══ Dataset content ══
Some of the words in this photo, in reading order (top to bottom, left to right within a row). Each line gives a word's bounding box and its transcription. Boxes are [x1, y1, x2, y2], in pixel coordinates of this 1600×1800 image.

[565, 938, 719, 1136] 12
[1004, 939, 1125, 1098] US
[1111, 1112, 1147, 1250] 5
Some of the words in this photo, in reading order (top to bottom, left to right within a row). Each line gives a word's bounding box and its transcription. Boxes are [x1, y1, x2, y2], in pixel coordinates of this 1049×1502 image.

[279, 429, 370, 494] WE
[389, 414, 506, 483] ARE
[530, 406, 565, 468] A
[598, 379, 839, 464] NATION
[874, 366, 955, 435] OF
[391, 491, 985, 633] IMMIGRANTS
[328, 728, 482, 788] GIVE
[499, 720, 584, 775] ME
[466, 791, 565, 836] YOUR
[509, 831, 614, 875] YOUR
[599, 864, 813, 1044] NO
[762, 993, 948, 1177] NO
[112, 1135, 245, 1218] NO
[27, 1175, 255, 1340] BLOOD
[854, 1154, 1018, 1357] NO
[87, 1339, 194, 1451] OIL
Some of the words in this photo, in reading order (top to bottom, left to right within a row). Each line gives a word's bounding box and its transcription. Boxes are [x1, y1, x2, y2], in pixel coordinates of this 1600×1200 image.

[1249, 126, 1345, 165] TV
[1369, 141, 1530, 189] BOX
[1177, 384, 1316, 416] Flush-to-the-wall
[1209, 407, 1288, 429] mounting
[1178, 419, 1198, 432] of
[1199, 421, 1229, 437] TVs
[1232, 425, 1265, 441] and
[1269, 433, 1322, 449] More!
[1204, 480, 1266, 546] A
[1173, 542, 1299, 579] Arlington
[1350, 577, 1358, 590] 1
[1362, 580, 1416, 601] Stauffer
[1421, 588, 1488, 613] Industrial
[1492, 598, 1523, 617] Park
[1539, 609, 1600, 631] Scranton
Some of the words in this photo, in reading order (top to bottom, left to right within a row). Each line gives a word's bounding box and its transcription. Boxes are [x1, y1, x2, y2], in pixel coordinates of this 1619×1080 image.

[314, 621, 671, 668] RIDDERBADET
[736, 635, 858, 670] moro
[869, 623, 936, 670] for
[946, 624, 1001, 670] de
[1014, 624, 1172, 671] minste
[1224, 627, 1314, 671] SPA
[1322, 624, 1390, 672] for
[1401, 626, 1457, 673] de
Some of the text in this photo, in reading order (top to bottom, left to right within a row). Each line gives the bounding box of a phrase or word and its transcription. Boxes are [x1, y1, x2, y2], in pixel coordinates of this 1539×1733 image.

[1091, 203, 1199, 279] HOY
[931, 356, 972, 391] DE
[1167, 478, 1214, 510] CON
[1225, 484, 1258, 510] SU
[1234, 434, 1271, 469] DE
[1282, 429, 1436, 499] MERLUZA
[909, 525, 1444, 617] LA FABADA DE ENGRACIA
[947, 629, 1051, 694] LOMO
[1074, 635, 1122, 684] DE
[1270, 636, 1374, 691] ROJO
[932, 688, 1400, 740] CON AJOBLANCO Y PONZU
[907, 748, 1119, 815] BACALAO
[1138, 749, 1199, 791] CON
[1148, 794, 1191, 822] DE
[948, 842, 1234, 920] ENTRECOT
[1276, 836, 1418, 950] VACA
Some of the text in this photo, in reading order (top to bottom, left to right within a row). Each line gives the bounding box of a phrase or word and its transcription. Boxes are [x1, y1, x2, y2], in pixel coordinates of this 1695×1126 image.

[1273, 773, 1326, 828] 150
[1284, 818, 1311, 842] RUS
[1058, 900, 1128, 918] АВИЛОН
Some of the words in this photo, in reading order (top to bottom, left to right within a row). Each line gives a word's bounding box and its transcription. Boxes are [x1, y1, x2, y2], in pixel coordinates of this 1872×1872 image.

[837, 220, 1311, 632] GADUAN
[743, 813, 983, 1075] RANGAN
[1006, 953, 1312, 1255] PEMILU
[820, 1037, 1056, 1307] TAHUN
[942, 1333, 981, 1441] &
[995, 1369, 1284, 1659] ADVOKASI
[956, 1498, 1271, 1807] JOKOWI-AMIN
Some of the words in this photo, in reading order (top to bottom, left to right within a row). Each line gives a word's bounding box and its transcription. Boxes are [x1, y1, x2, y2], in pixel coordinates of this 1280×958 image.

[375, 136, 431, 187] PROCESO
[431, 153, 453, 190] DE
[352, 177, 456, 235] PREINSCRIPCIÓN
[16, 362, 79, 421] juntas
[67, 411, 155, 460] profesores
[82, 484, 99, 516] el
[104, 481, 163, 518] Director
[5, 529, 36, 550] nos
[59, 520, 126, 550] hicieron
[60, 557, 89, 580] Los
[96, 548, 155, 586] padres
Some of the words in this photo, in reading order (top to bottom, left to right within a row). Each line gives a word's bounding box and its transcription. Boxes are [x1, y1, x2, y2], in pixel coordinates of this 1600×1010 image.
═══
_What is needed_: Would you repeat each line above exactly as it stands?

_Solution below_:
Some of the words in this photo, in reading order (top to bottom, left to right within a row). Each line gives a word's bounding box and its transcription. Boxes are [x1, y1, x2, y2], in pixel coordinates of this 1600×1800 image.

[565, 938, 719, 1136] 12
[1004, 939, 1125, 1098] US
[1111, 1112, 1147, 1250] 5
Some of the words in this photo, in reading order (top to bottom, left to right within a row). Each line gives a word's bounding box and its transcription. Boxes are [x1, y1, x2, y2], in pixel coordinates of this 1049×1502 image.

[279, 429, 370, 494] WE
[389, 414, 506, 483] ARE
[530, 406, 565, 468] A
[598, 379, 839, 464] NATION
[874, 366, 955, 435] OF
[391, 491, 985, 633] IMMIGRANTS
[328, 728, 482, 788] GIVE
[499, 720, 584, 775] ME
[466, 791, 565, 836] YOUR
[509, 831, 614, 875] YOUR
[599, 864, 813, 1044] NO
[762, 993, 948, 1177] NO
[112, 1135, 245, 1218] NO
[27, 1175, 255, 1340] BLOOD
[854, 1154, 1018, 1357] NO
[87, 1339, 194, 1451] OIL
Some of the words in this photo, in reading order (top to bottom, left to right within a row). Each line gives a word's bounding box and its transcription. Boxes are [x1, y1, x2, y2], in pixel coordinates of this 1600×1200 image.

[1249, 126, 1345, 165] TV
[1369, 141, 1530, 189] BOX
[1177, 384, 1316, 416] Flush-to-the-wall
[1209, 407, 1288, 429] mounting
[1178, 419, 1198, 432] of
[1199, 421, 1229, 437] TVs
[1232, 425, 1265, 441] and
[1269, 433, 1322, 449] More!
[1204, 480, 1266, 546] A
[1173, 542, 1299, 579] Arlington
[1350, 577, 1358, 590] 1
[1362, 580, 1416, 601] Stauffer
[1421, 588, 1488, 613] Industrial
[1492, 598, 1523, 617] Park
[1539, 609, 1600, 631] Scranton
Some of the words in this photo, in reading order (top to bottom, left to right within a row). Each line gives a word's bounding box and its transcription. Boxes are [x1, y1, x2, y2], in pixel coordinates of this 1619×1080 image.

[314, 621, 671, 668] RIDDERBADET
[736, 635, 858, 670] moro
[869, 623, 936, 670] for
[946, 624, 1001, 670] de
[1014, 624, 1172, 671] minste
[1224, 627, 1314, 671] SPA
[1322, 624, 1390, 672] for
[1401, 626, 1457, 673] de
Some of the text in this photo, in reading order (top to bottom, left to right within a row). Each line gives the bounding box of a phrase or word and its transcription. Boxes are [x1, y1, x2, y2], in pixel coordinates of this 1539×1733 image.

[1091, 203, 1199, 279] HOY
[931, 356, 972, 391] DE
[1167, 478, 1214, 510] CON
[1225, 484, 1258, 510] SU
[1234, 434, 1271, 469] DE
[1282, 429, 1436, 499] MERLUZA
[909, 525, 1444, 617] LA FABADA DE ENGRACIA
[947, 629, 1051, 694] LOMO
[1074, 635, 1122, 684] DE
[1270, 636, 1374, 691] ROJO
[932, 688, 1400, 740] CON AJOBLANCO Y PONZU
[907, 748, 1119, 815] BACALAO
[1138, 749, 1199, 791] CON
[1148, 794, 1191, 822] DE
[948, 842, 1234, 920] ENTRECOT
[1276, 836, 1418, 950] VACA
Some of the text in this photo, in reading order (top to bottom, left to right within a row). Each line gives the bounding box of a phrase or word and its transcription. Boxes are [x1, y1, x2, y2], in pixel coordinates of this 1695×1126 image.

[1273, 773, 1326, 828] 150
[1284, 818, 1311, 842] RUS
[1058, 900, 1128, 918] АВИЛОН
Some of the words in this photo, in reading order (top to bottom, left to right within a row). Each line gives a word's bounding box and its transcription. Boxes are [x1, y1, x2, y2], in pixel coordinates of this 1872×1872 image.

[837, 220, 1311, 632] GADUAN
[743, 813, 983, 1075] RANGAN
[1006, 953, 1312, 1255] PEMILU
[820, 1037, 1056, 1307] TAHUN
[942, 1333, 981, 1441] &
[995, 1369, 1284, 1659] ADVOKASI
[956, 1498, 1271, 1807] JOKOWI-AMIN
Some of the words in this photo, in reading order (top to bottom, left to right within a row). Each line gives a word's bounding box and its transcription. Boxes are [x1, y1, x2, y2], in pixel coordinates of this 1280×958 image.

[375, 136, 431, 187] PROCESO
[431, 153, 453, 190] DE
[352, 177, 456, 235] PREINSCRIPCIÓN
[16, 362, 79, 421] juntas
[67, 411, 155, 460] profesores
[82, 484, 99, 516] el
[104, 481, 163, 518] Director
[5, 529, 36, 550] nos
[59, 520, 126, 550] hicieron
[60, 557, 89, 580] Los
[96, 548, 155, 586] padres
Some of the words in this photo, in reading order (top to bottom, left to right within a row). Each line gives a word's bounding box and its transcription. Boxes are [x1, y1, x2, y2], in pixel coordinates of this 1600×1010 image.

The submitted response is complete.